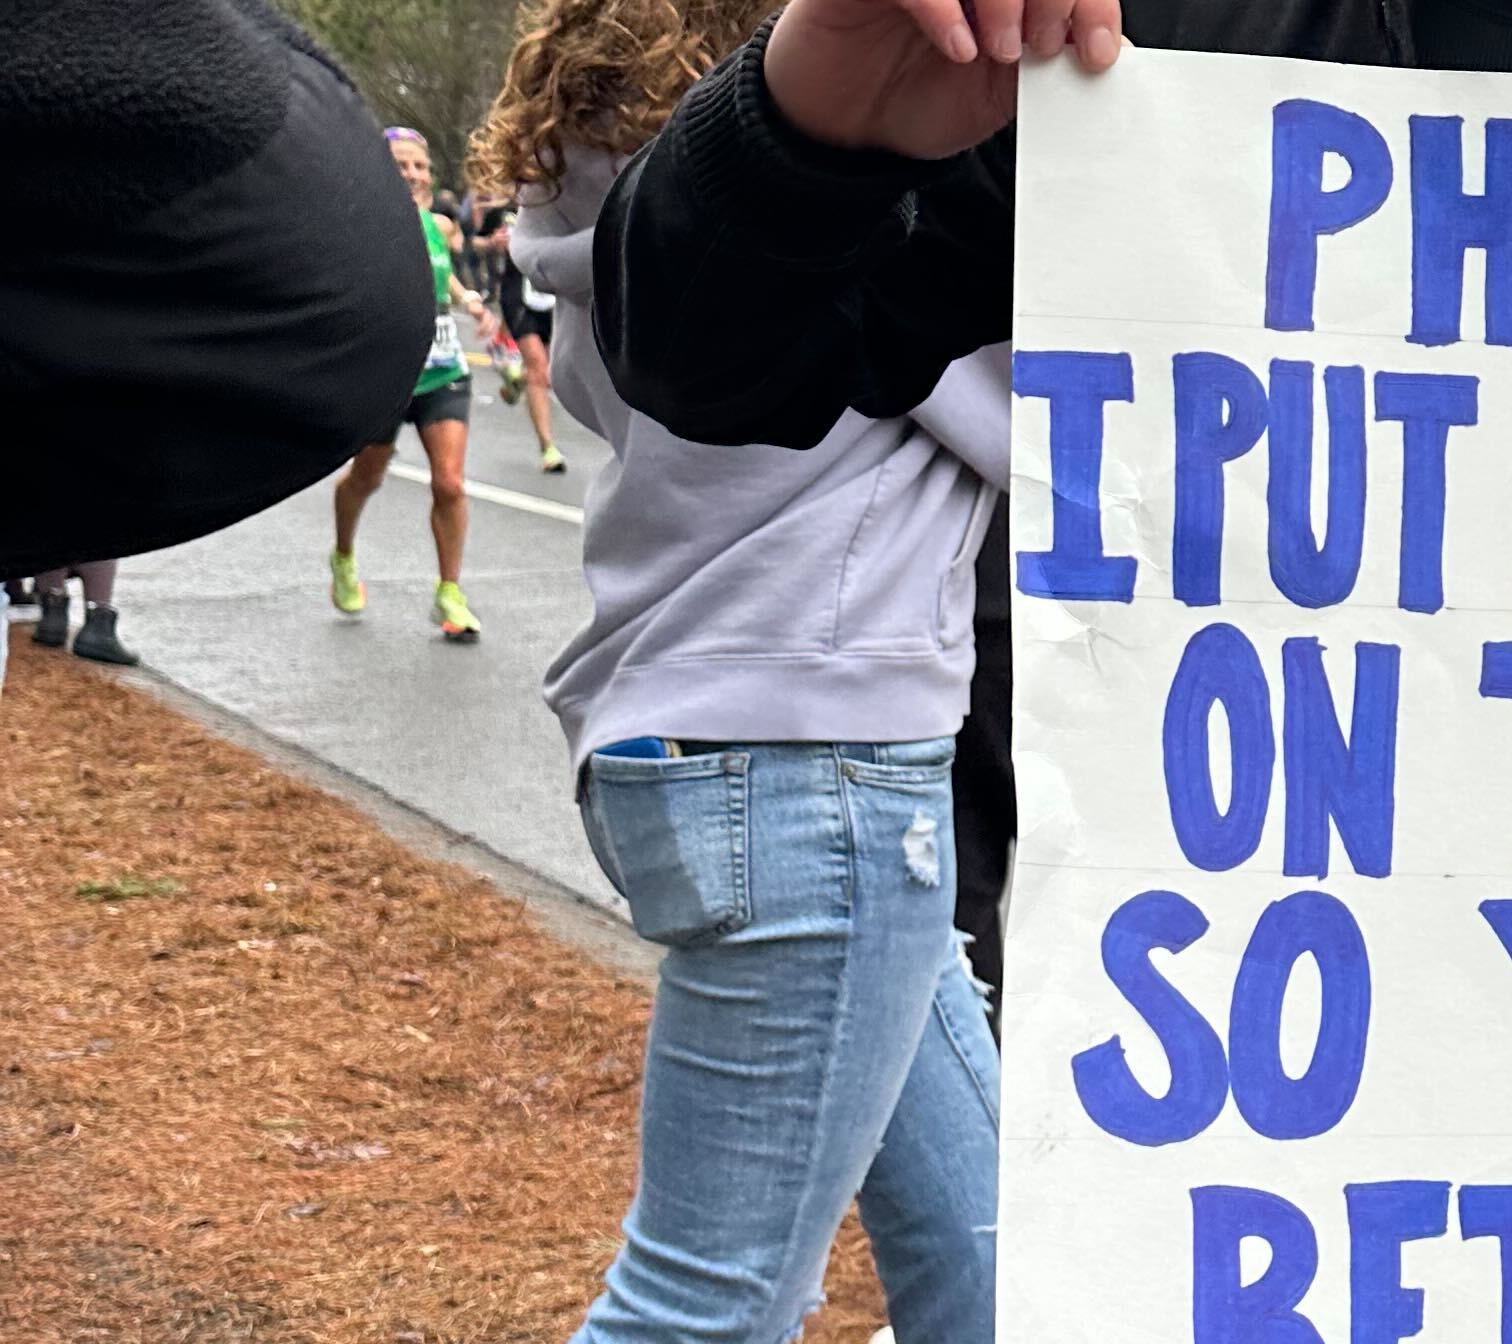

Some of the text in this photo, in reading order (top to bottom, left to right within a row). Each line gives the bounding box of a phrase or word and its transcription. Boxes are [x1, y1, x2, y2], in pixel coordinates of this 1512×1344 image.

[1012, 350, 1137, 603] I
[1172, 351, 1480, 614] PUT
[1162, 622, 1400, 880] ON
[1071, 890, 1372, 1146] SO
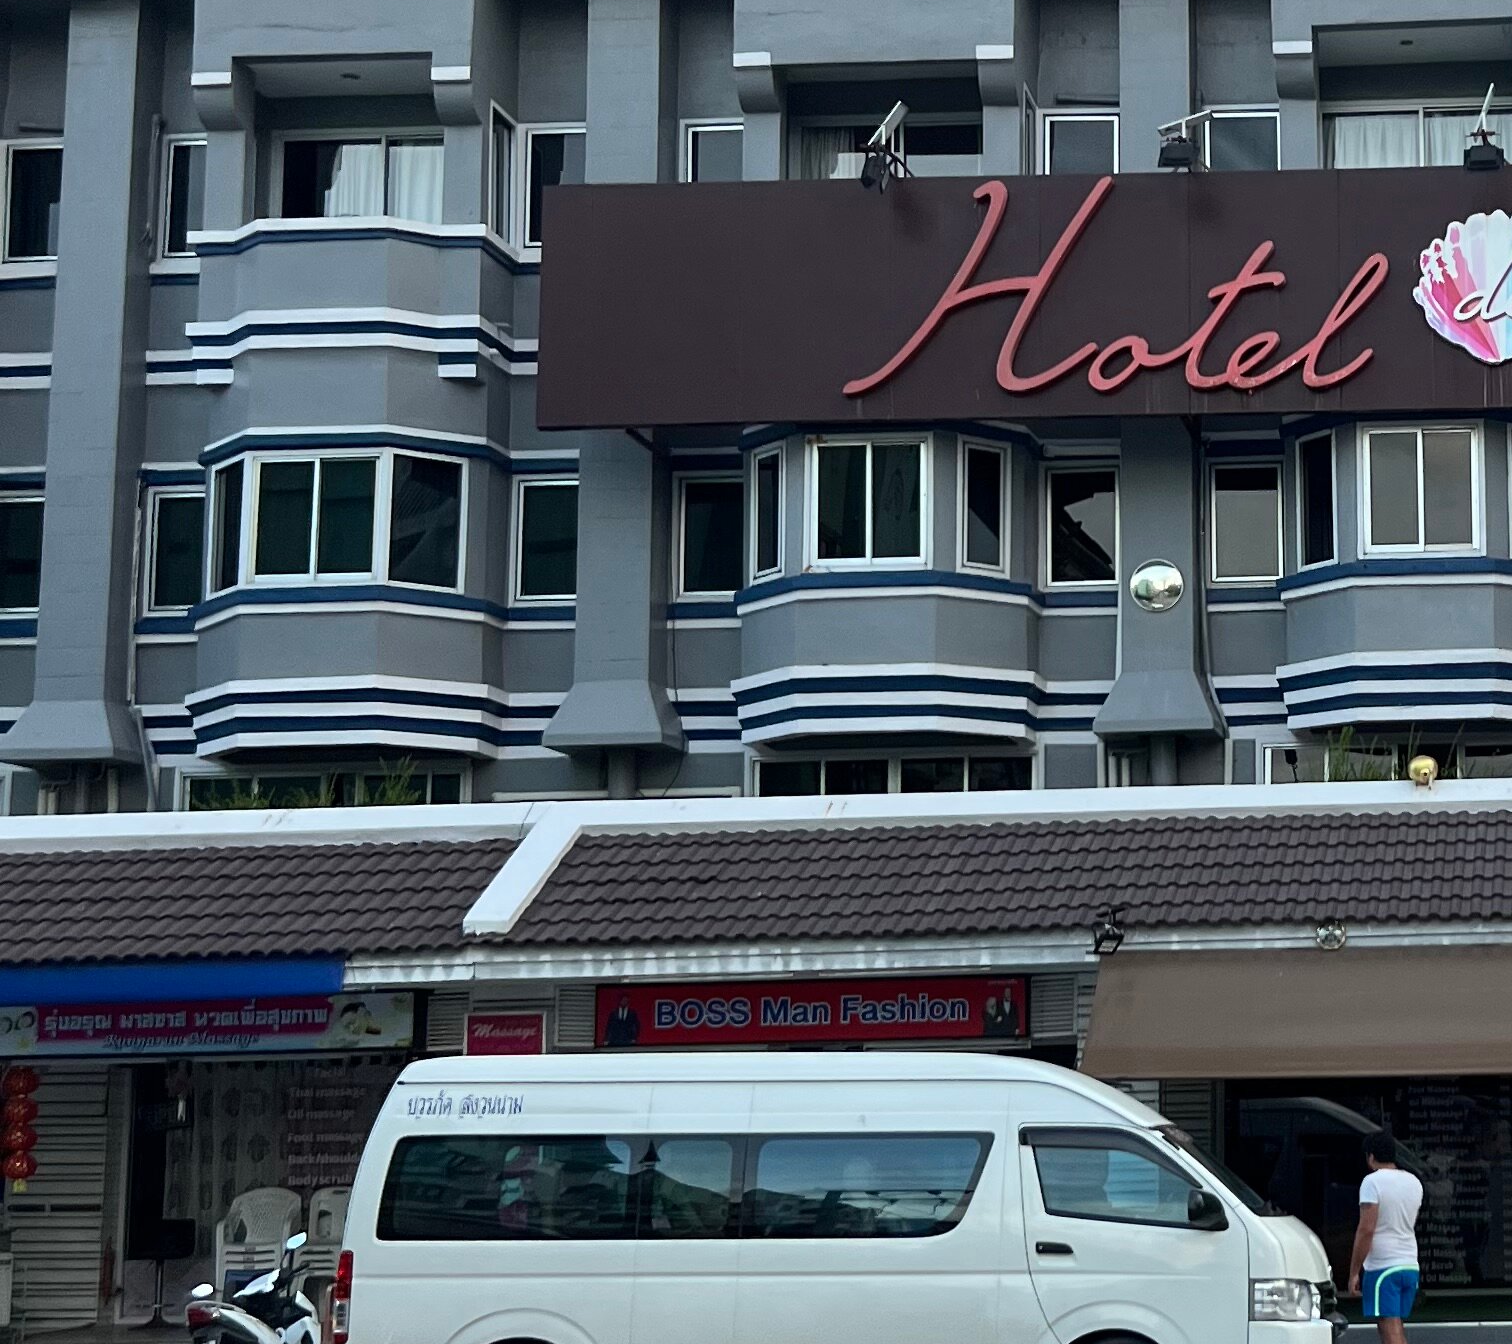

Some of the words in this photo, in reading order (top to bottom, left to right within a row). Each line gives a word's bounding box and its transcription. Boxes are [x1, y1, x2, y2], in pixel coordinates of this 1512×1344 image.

Exercise requirements
Repeat every line of the data above exactly, but drop the pictures.

Exercise answer
Some of the text in this photo, in reading order (top to bottom, left to right within a row). Each line gives the bounding box of a phrase or word and its transcription. Boxes are [x1, y1, x2, y2], in pixel coordinates of this 1512×1344 image.

[1012, 350, 1137, 603] I
[1172, 351, 1480, 614] PUT
[1162, 622, 1400, 880] ON
[1071, 890, 1372, 1146] SO

Some of the words in this photo, in reading order (top to bottom, left to right within a row). Each line gives a word's bounding box and its transcription. Boxes are [x1, y1, x2, y2], in pixel coordinates of this 1512×1344 image.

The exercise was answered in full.